(Images for object localization)
+ + + + + + +
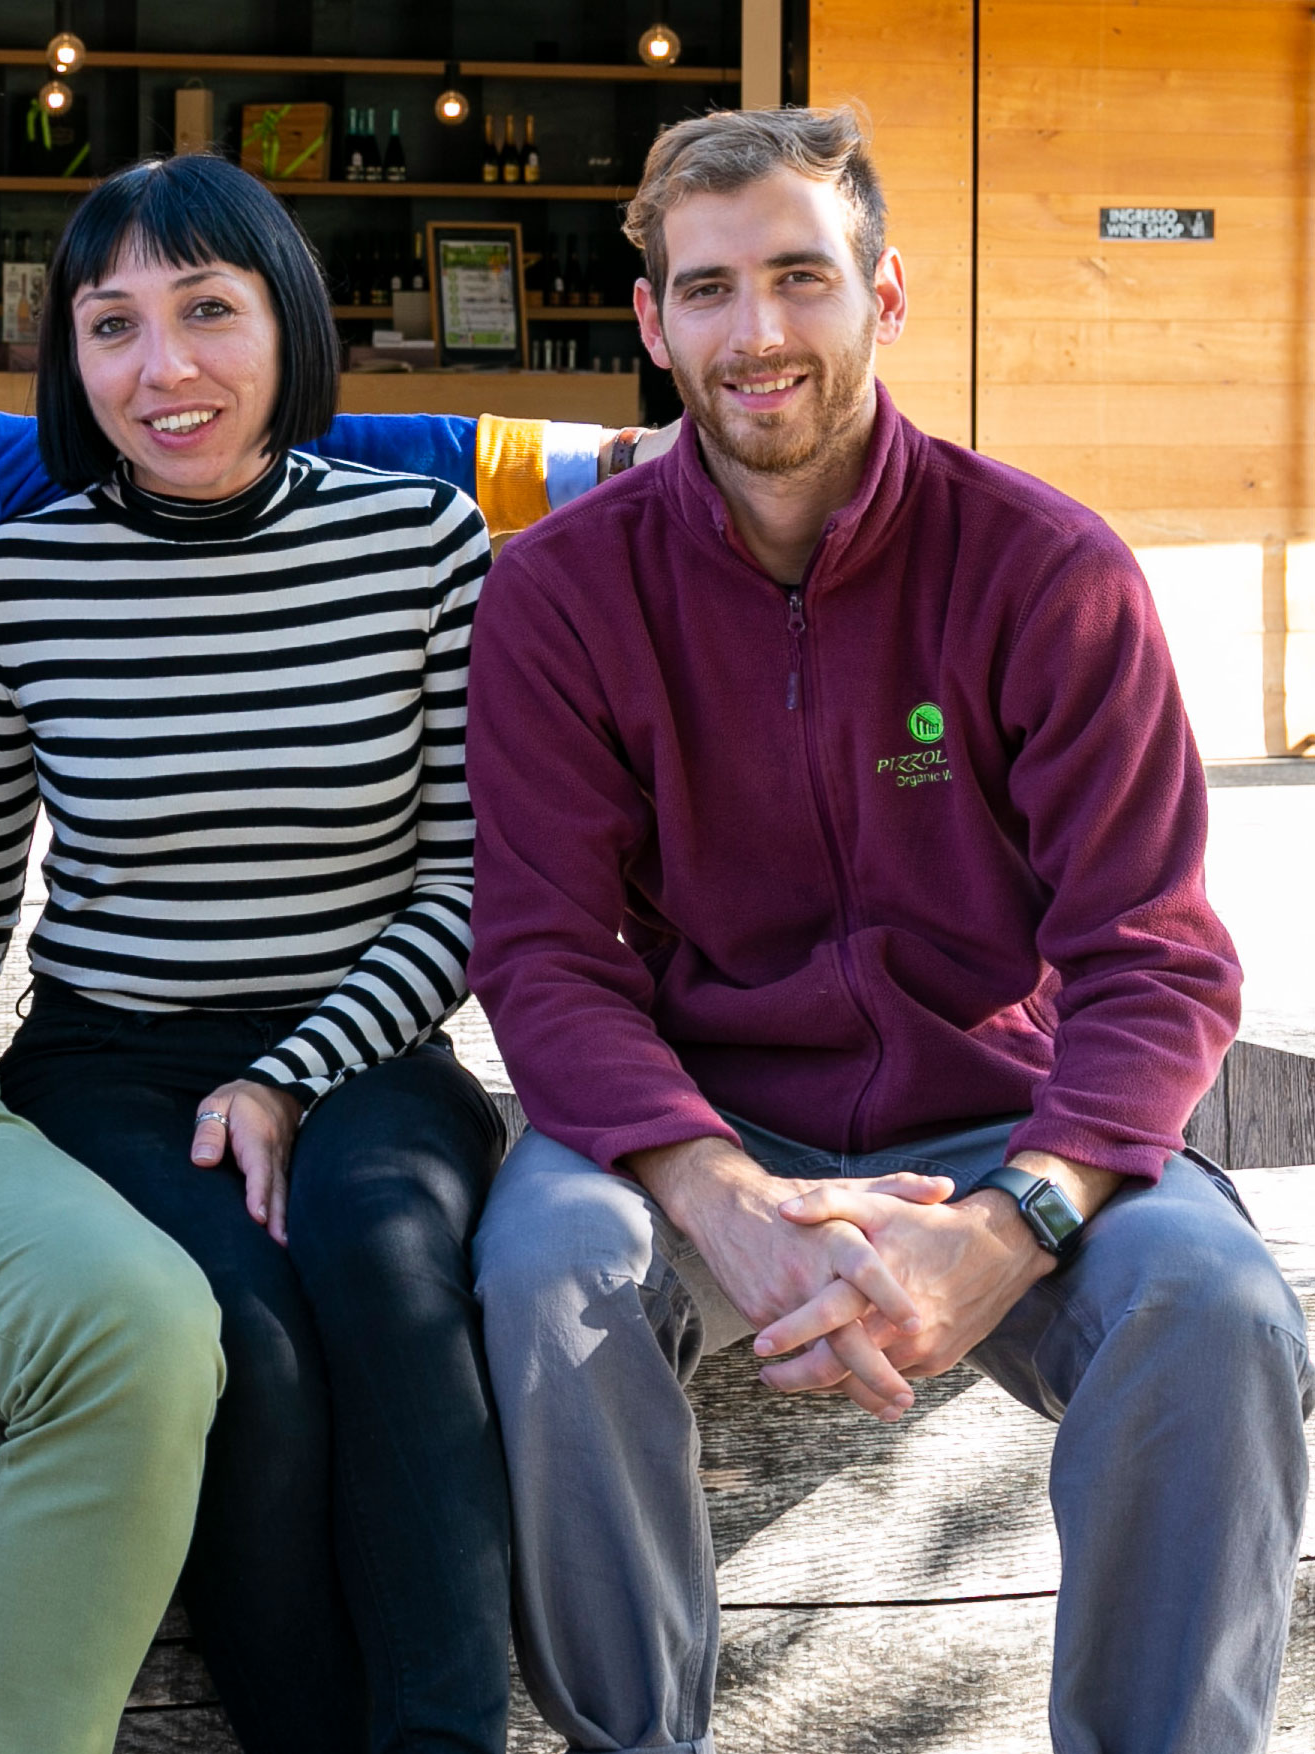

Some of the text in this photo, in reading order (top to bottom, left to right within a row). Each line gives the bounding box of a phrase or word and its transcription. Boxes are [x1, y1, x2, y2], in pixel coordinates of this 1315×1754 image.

[1109, 208, 1178, 223] INGRESSO
[1106, 222, 1184, 238] WINE SHOP
[896, 773, 941, 787] Organic
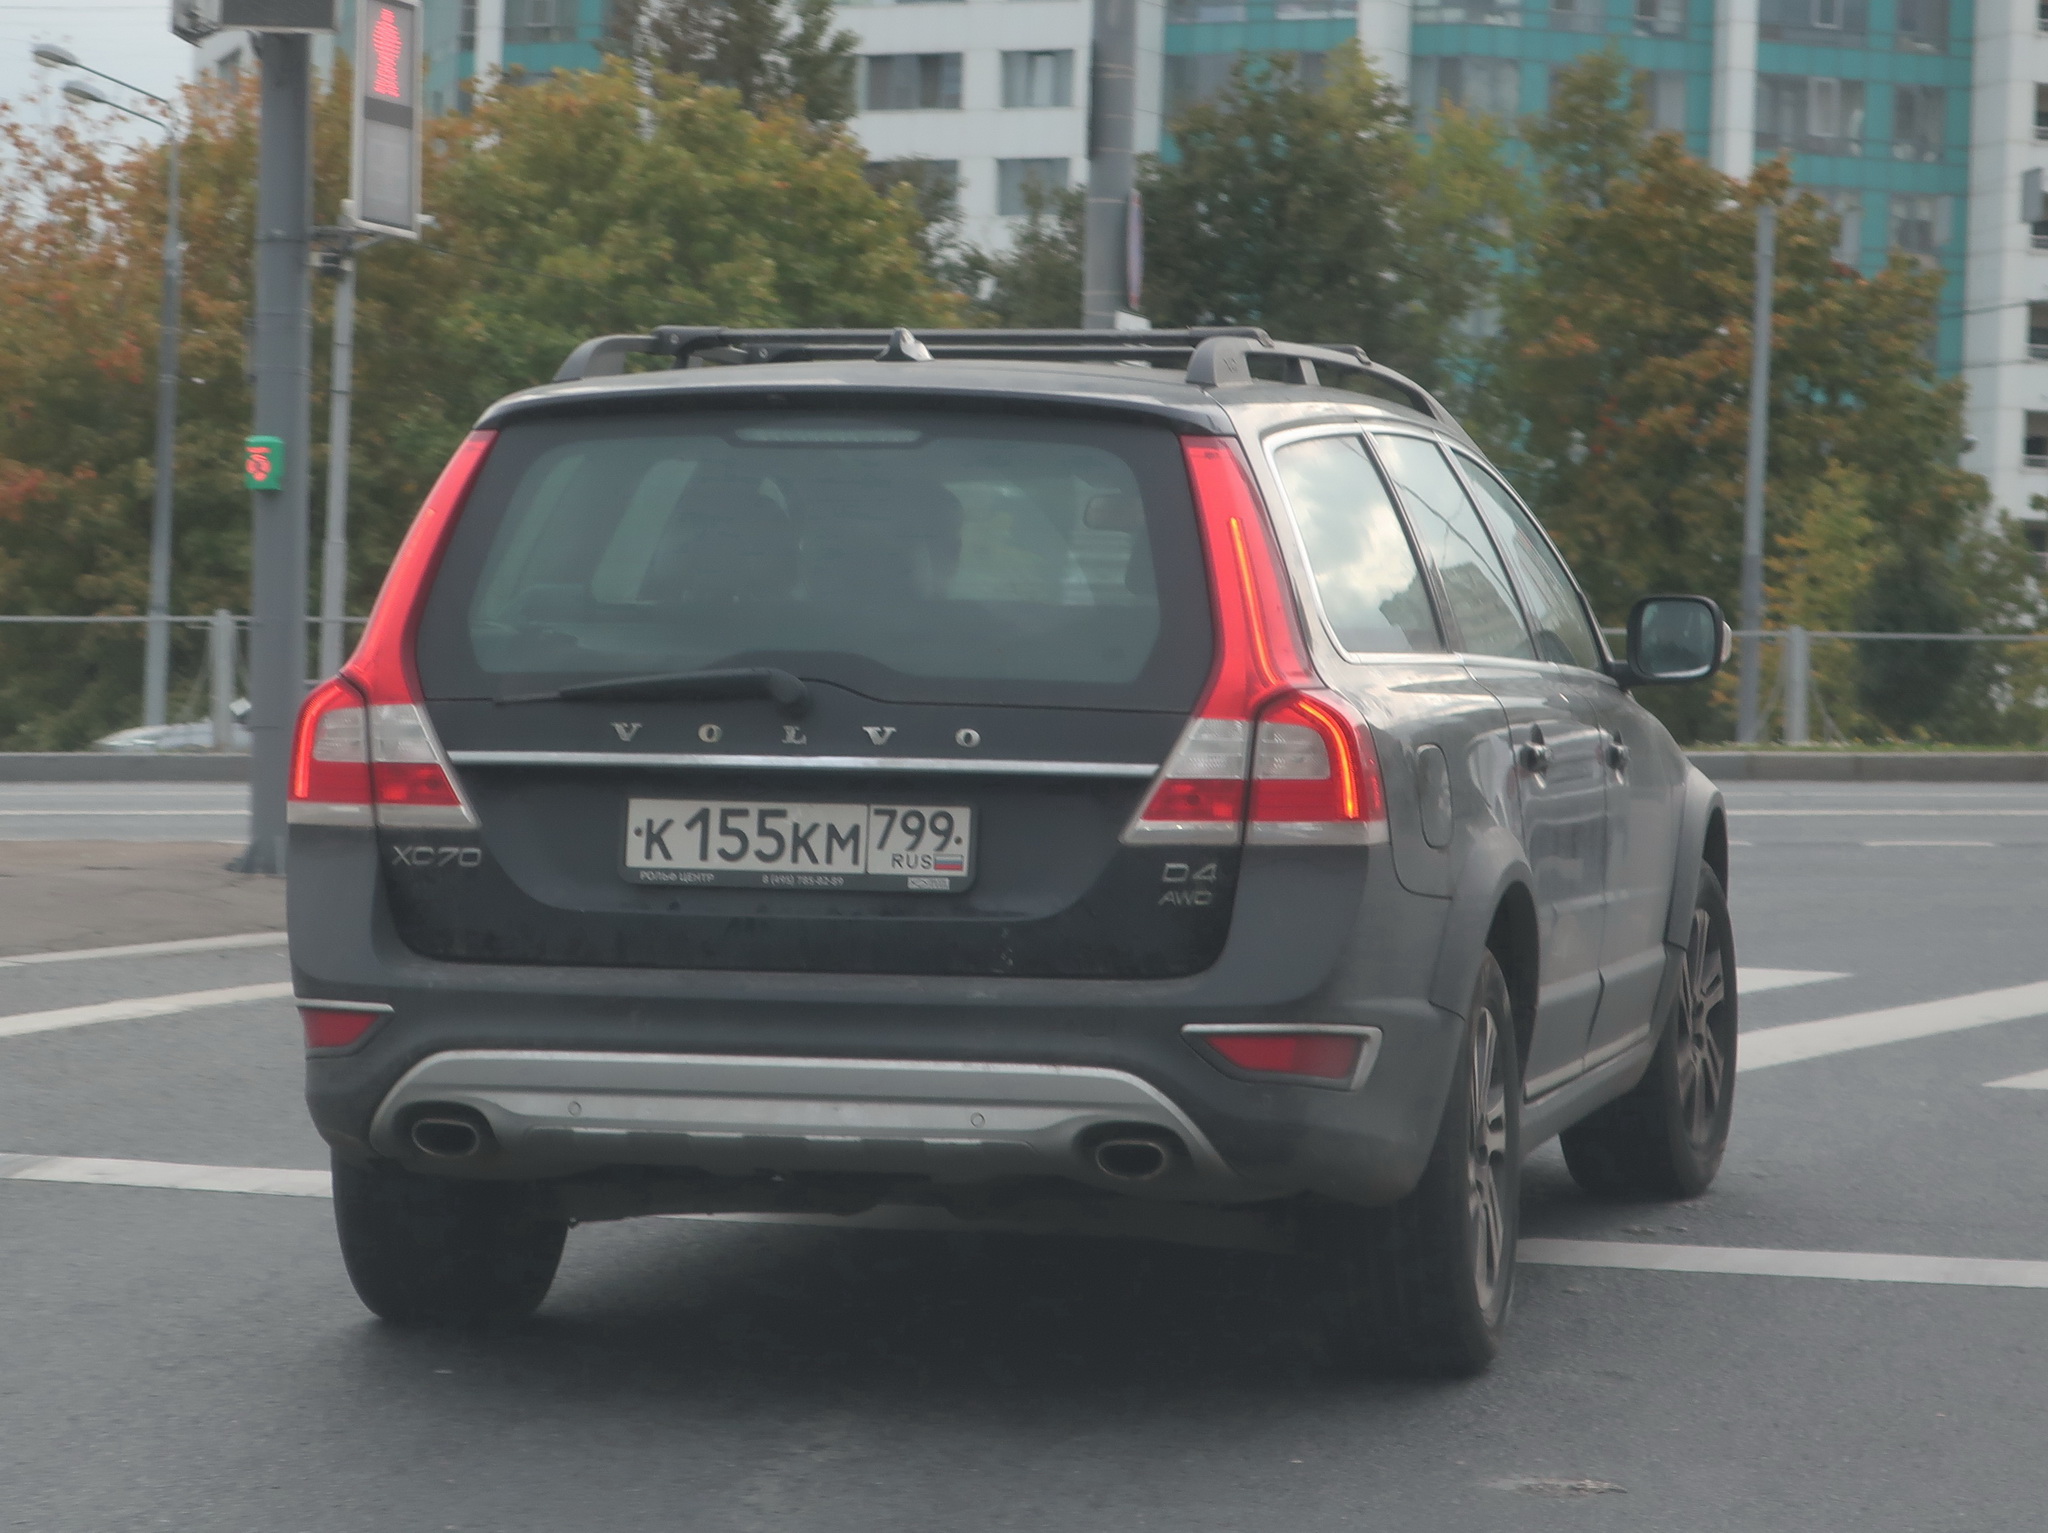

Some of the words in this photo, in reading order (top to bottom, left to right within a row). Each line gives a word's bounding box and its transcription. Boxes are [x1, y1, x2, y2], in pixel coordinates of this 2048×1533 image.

[611, 721, 981, 748] VOLVO
[873, 808, 954, 851] 799
[392, 845, 482, 868] XC70
[891, 853, 932, 870] RUS
[1158, 890, 1213, 906] AWD
+ + + + + + +
What you have to do:
Give the entries back verbatim and omit the images.

Problem solution:
Some of the text in this photo, in reading order (top to bottom, left to right within a row). Each line gives the bounding box of a phrase or word and its transcription. Boxes are [x1, y1, x2, y2], in pixel coordinates of this 1315×1754 image.

[1109, 208, 1178, 223] INGRESSO
[1106, 222, 1184, 238] WINE SHOP
[896, 773, 941, 787] Organic

Some of the words in this photo, in reading order (top to bottom, left to right within a row). Each line gives a word's bounding box and its transcription. Boxes are [x1, y1, x2, y2], in pixel coordinates of this 2048×1533 image.

[611, 721, 981, 748] VOLVO
[873, 808, 954, 851] 799
[392, 845, 482, 868] XC70
[891, 853, 932, 870] RUS
[1158, 890, 1213, 906] AWD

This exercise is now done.